[About this exercise]:
All records below should be repeated exactly, with the pictures left out.

+--

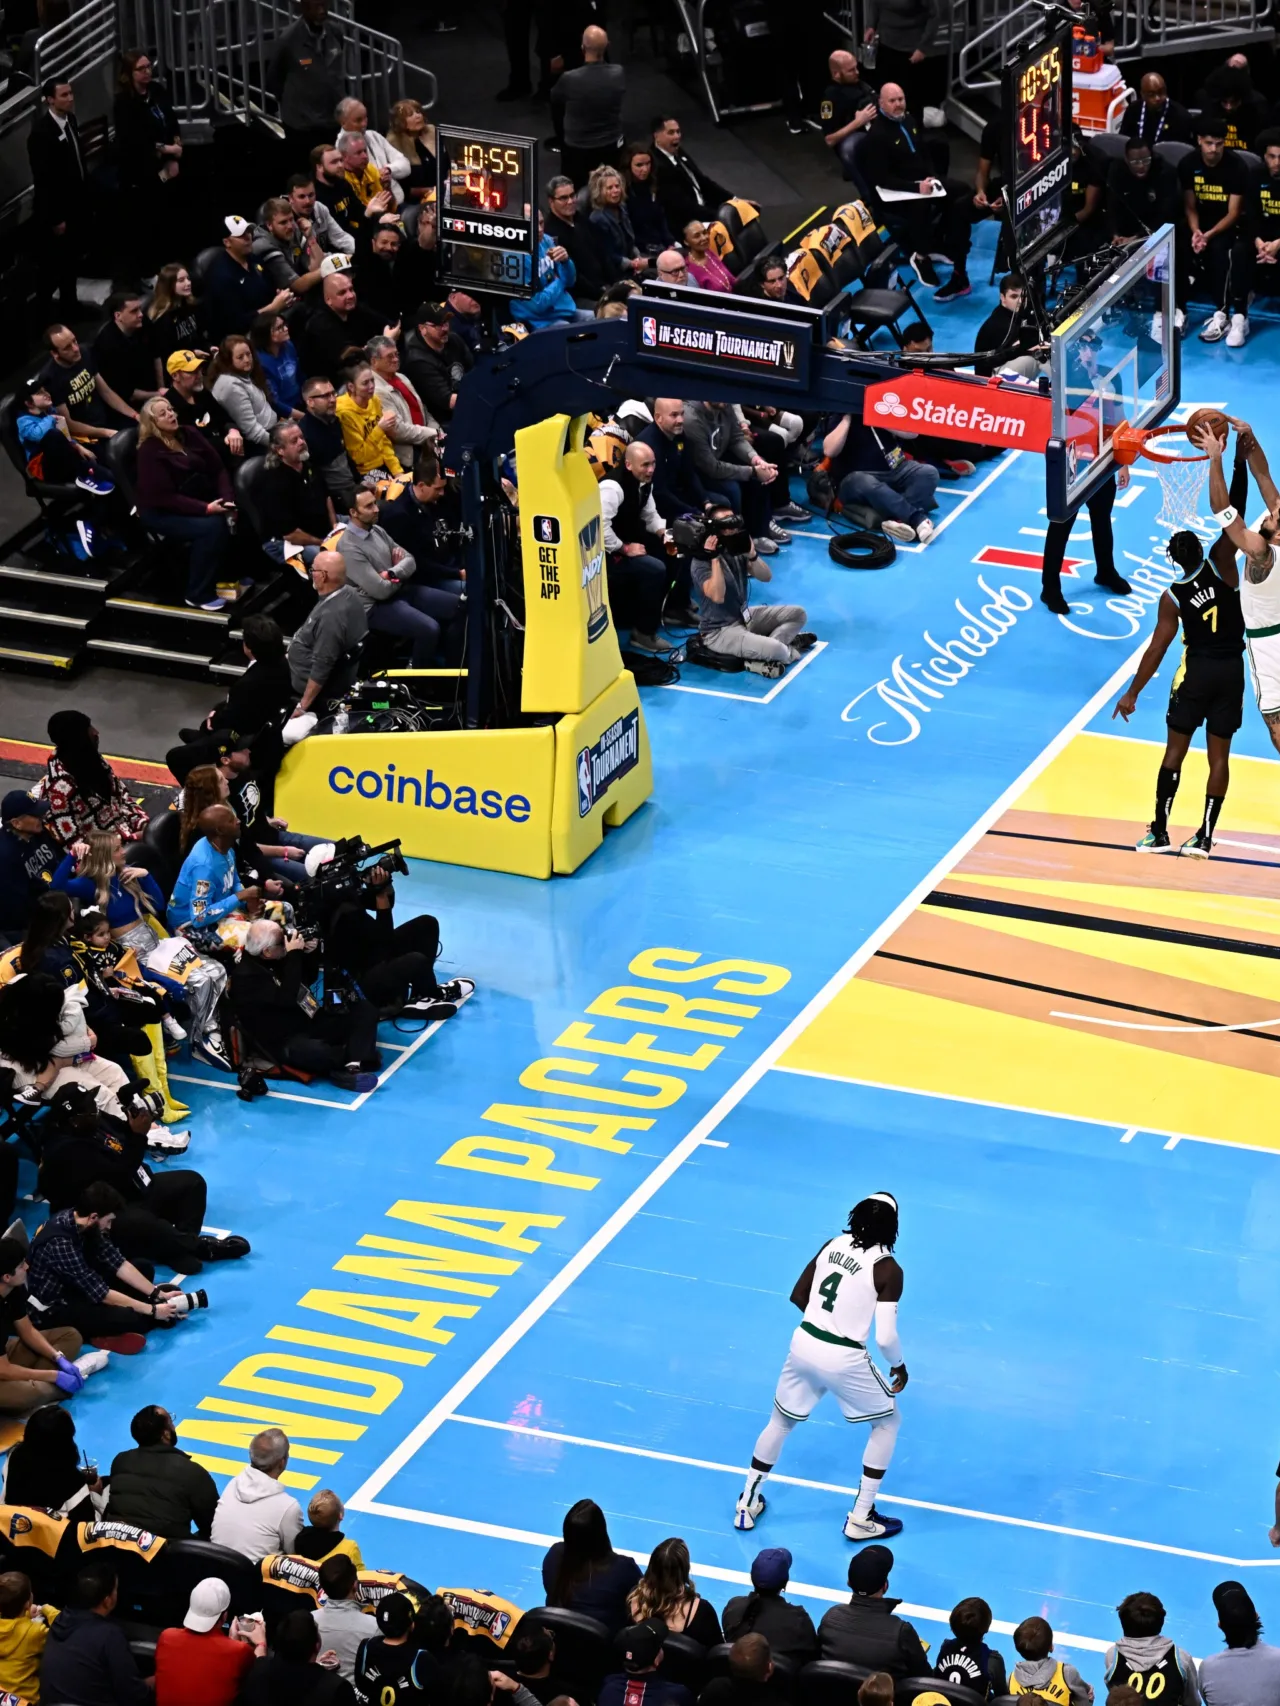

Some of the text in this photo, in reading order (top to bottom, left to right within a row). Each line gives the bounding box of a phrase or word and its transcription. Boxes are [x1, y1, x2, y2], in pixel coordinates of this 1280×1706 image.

[1021, 46, 1061, 103] 10:55
[464, 144, 519, 176] 10:55
[1031, 157, 1070, 201] TISSOT
[466, 221, 528, 242] TISSOT
[659, 324, 784, 367] IN-SEASON TOURNAMENT
[538, 546, 558, 565] GET
[581, 551, 606, 590] INDY
[539, 564, 560, 583] THE
[540, 582, 561, 601] APP
[1189, 586, 1216, 609] HIELD
[1202, 605, 1218, 633] 7
[840, 574, 1034, 746] Michelob
[591, 716, 638, 797] TOURNAMENT
[328, 763, 531, 823] coinbase
[435, 946, 792, 1191] PACERS
[828, 1251, 863, 1276] HOLIDAY
[819, 1271, 844, 1314] 4
[938, 1653, 981, 1679] HALIBURTON
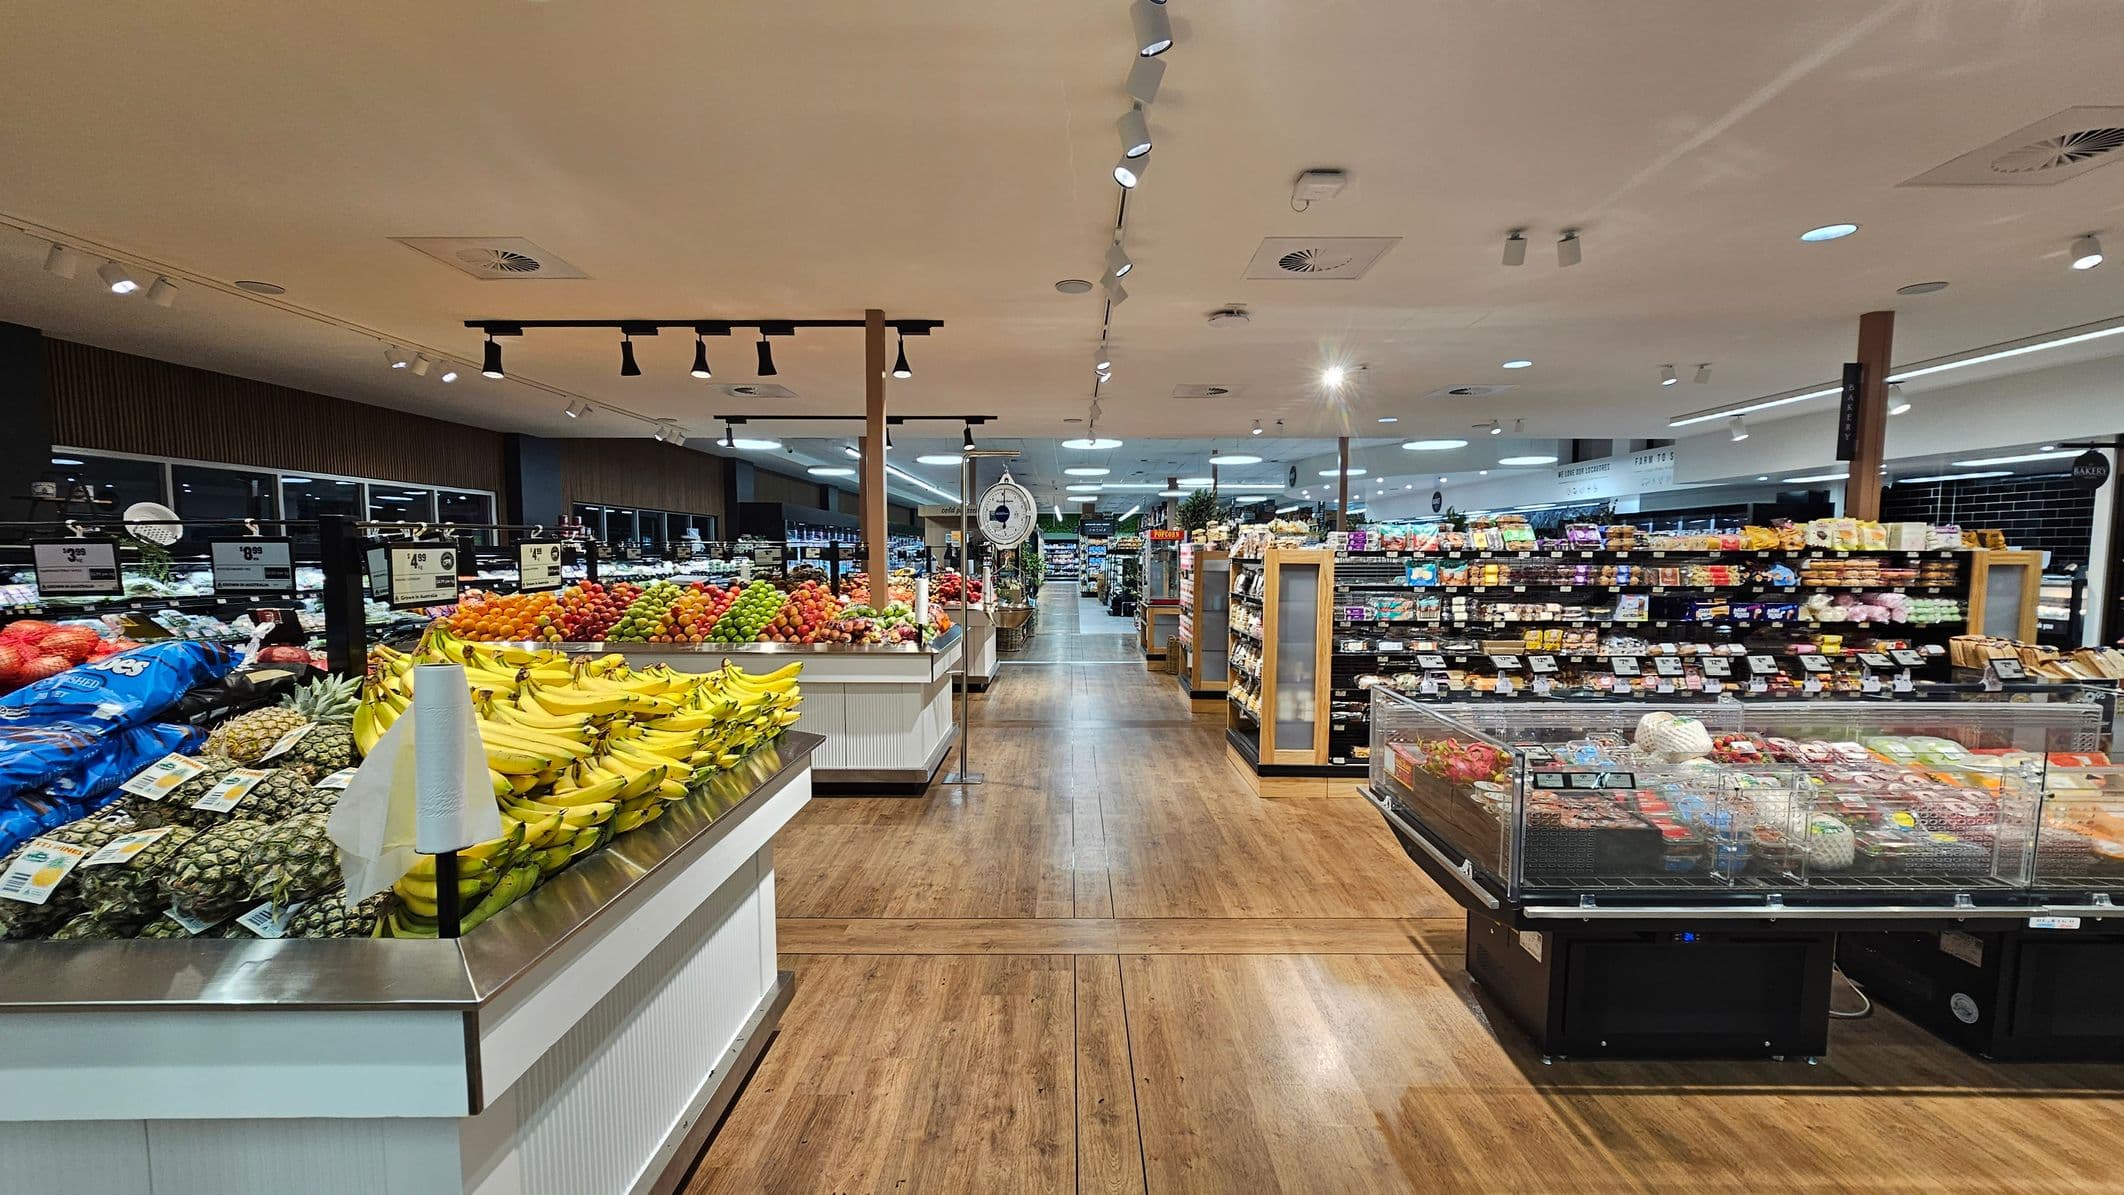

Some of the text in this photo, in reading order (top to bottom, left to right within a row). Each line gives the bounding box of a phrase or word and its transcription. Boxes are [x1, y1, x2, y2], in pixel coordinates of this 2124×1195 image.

[1844, 384, 1856, 441] BAKERY
[1634, 455, 1654, 466] FARM
[1657, 452, 1666, 463] TO
[2073, 466, 2106, 477] BAKERY
[1153, 530, 1180, 539] POPCORN

+--

[Solution]:
Some of the text in this photo, in reading order (top to bottom, left to right within a row). Each line gives the bounding box of a phrase or word and its transcription. Boxes are [x1, y1, x2, y2], in pixel coordinates of this 1280×1706 image.

[1021, 46, 1061, 103] 10:55
[464, 144, 519, 176] 10:55
[1031, 157, 1070, 201] TISSOT
[466, 221, 528, 242] TISSOT
[659, 324, 784, 367] IN-SEASON TOURNAMENT
[538, 546, 558, 565] GET
[581, 551, 606, 590] INDY
[539, 564, 560, 583] THE
[540, 582, 561, 601] APP
[1189, 586, 1216, 609] HIELD
[1202, 605, 1218, 633] 7
[840, 574, 1034, 746] Michelob
[591, 716, 638, 797] TOURNAMENT
[328, 763, 531, 823] coinbase
[435, 946, 792, 1191] PACERS
[828, 1251, 863, 1276] HOLIDAY
[819, 1271, 844, 1314] 4
[938, 1653, 981, 1679] HALIBURTON

Some of the text in this photo, in reading order (top to bottom, left to right within a row). Each line gives the bounding box of a phrase or word and its transcription. Boxes are [x1, y1, x2, y2], in pixel coordinates of this 2124×1195 image.

[1844, 384, 1856, 441] BAKERY
[1634, 455, 1654, 466] FARM
[1657, 452, 1666, 463] TO
[2073, 466, 2106, 477] BAKERY
[1153, 530, 1180, 539] POPCORN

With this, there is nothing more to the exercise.